Bazı kitaplar var, okudukça okuyasım geliyor.
Neden bilmiyorum her seferinde farklı bir duygu açığa çıkarıyor bende.
Bu ara mutluluk kaynağım da ŞuŞu :)
Sebebi de var elbette.
Şuşu'yu Elif'e o kadar çok okumuşm ki- cidden farkında değilim- Elif benim mimiklerimi, el-kol hareketlerimi kapmış. Bugün fark ettim. Bebeklere kitap okumak çok güzel ancak her kitap bu kategoriye uygun olamayabiliyor. Ya yazıları uzun oluyor ya konusu bebeğin ilgisini çekmiyor(buna kesinlikle inanıyorum) ya da resimleri cezbetmiyor. Halbuki Şuşu tam bize göre. Her sayfada birkaç cümle var, konusu çok eğlenceli ve resimleri de çok şekil :) Bir de yazarını tanıyorum diye hava atayım tam olsun. Gerçi herkes tanıyor Yıldıray'ı çünkü kendisi BDK'nın kapaklarından biri :)

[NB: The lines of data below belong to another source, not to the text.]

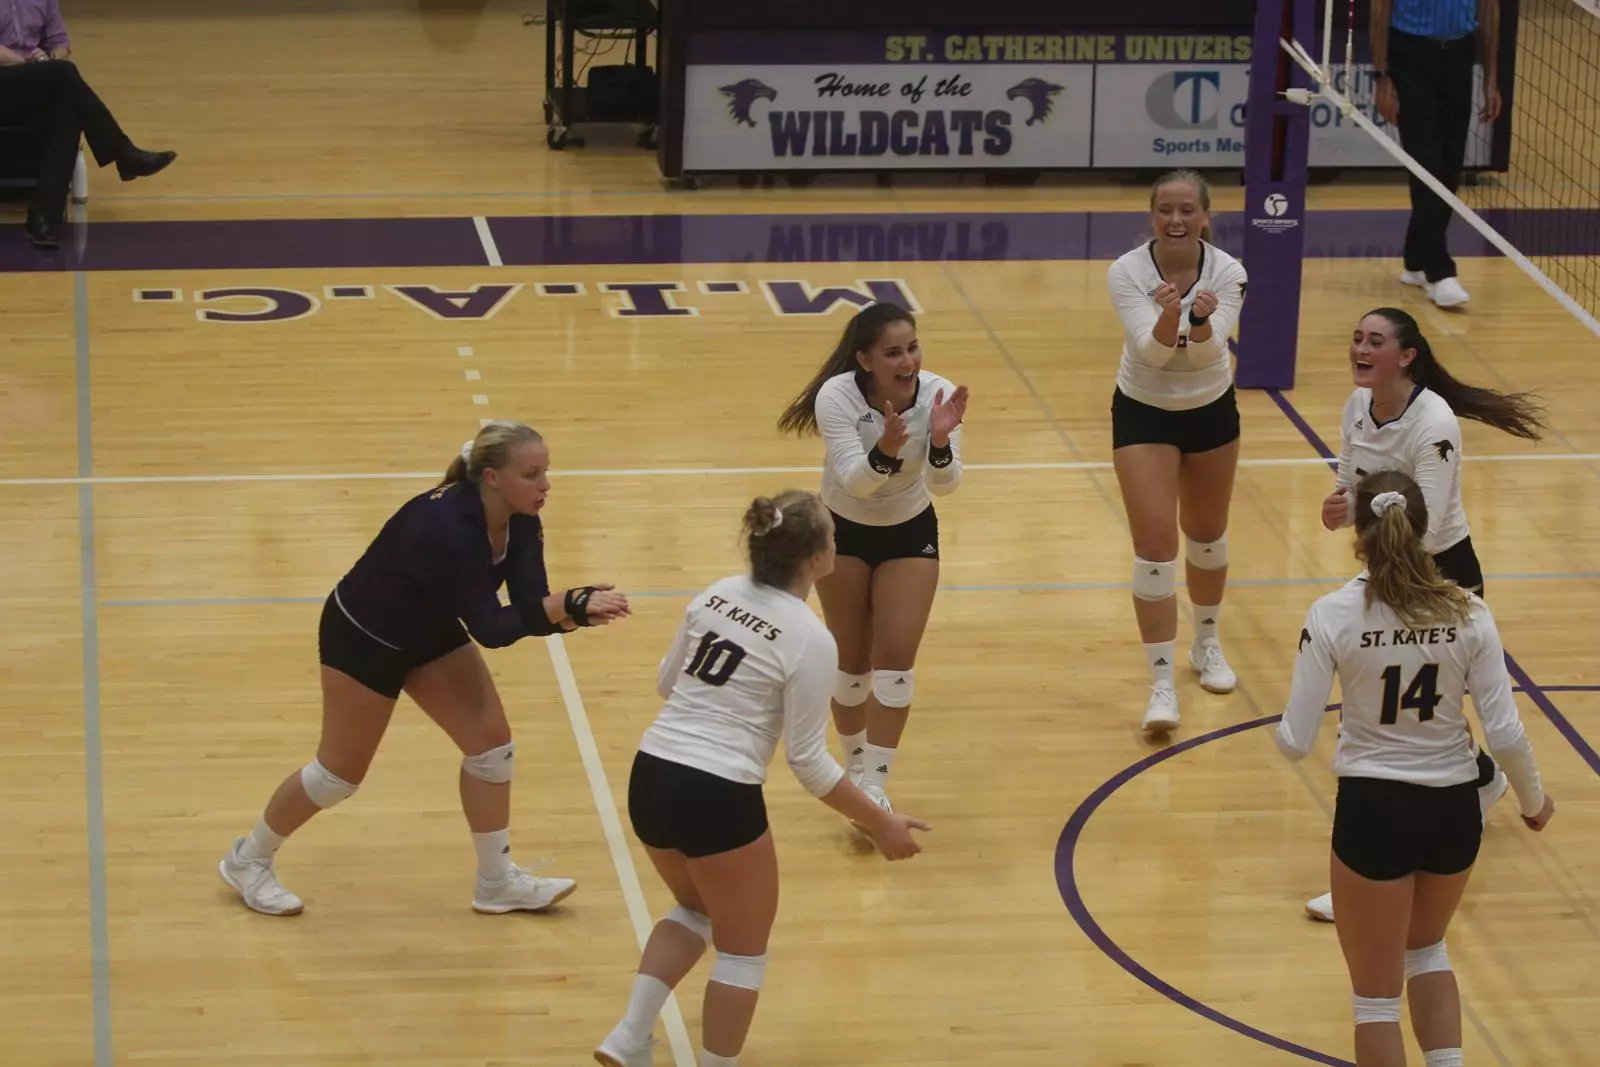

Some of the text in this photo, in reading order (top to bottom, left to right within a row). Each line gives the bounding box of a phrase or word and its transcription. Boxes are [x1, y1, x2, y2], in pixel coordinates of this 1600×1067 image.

[885, 35, 1252, 61] ST. CATHERINE UNIVERS
[813, 73, 973, 104] Home of the
[768, 110, 1013, 157] WILDCATS
[1152, 137, 1212, 156] Sports
[704, 595, 783, 641] ST. KATE'S
[1360, 626, 1457, 648] ST. KATE'S
[684, 630, 747, 687] 10
[1379, 663, 1443, 725] 14

Sevdiğim insanlardan harika işler çıkınca çok mutlu oluyorum.
Gelelim bugüne.
Bugün yine Elif'e Şuşu'yu okurken "yaşasııııın" diye bağırdığımda kollarımı kaldırdım(farkında değilim) bir baktım ki Elif sıpası da aynı şeyi yapıyor. Tesadüf heralde dedim. Birkaç denemeden sonra anladım ki durum tesadüf değil. Nasıl mutlu oldum anlatamam.

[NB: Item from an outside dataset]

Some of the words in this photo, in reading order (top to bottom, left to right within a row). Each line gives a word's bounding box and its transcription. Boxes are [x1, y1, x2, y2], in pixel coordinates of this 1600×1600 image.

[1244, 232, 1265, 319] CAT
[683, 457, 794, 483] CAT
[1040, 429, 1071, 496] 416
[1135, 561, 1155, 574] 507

Çocuklar sahiden oyunun içinde öğrenirlermiş ya, sanırım o hesap. Yoksa "yaşasın" dendiğinde kollarını kaldırması için bir uğraş vermemiştim hatta bunun farkında bile değilim. (demek ki ben böyle şaşkın devam edebilirim halime)
1. kitap yani "Şuşu ve Üç Tekeri"nde Şuşu ile tanışıyoruz hem de doğum gününde. Yaklaşık 4-5 yaşlarında sanırım ve oldukça heyecanlı bir kız. Dayısıyla önce muhallebiciye gidiyorlar sonra da tabii ki oyuncakçıya. Ve oradan aldıkları üç tekerden eve gidene kadar inmiyor Şuşu. Hatta evde bile inmiyor üzerinden. Sonra da... Sonrasını anlatmayayım orası da size kalsın ama okuması/canlandırması pek keyifli. O yüzden "yaşasııııın" diyoruz :)
Bu kitaptaki muhallebici, üç teker, doğum günündeki aile birliği, nenenin/teyzenin/halanın ayrı ayrı söyledikleri gibi detayları çok sevdim. Nine tam bir nine :)
Resimlerdeki ayrıntılardan da bahsetmeden geçemem. Dayısının kapının önündeki yorulmuş dili dışarıda haline çok güldüm. ŞuŞu uyurken etrafındaki tüm oyuncakların da uyuması çok tatlı :) Oyuncakçıda resmen Moli ile Olaf ve Kedimiyo'yu gördüm, selam verdim onlara da. Ağaçta oturmuş örgü ören siyah bir karga var, onu keşfetmek bile keyif verdi.Hatta aynı kargayı Şuşu'nun penceresinde bile gördüm, gerçekten! Klasik bir ev halinde dede ve baba ne yapar? Tabii ki tavla oynar :) Hemen her karede yer alan minik yuvarlak oyuncakların birbirini çekiştirmesi de ayrı bir neşe katmış. Kısacası resimlerine bayıldım.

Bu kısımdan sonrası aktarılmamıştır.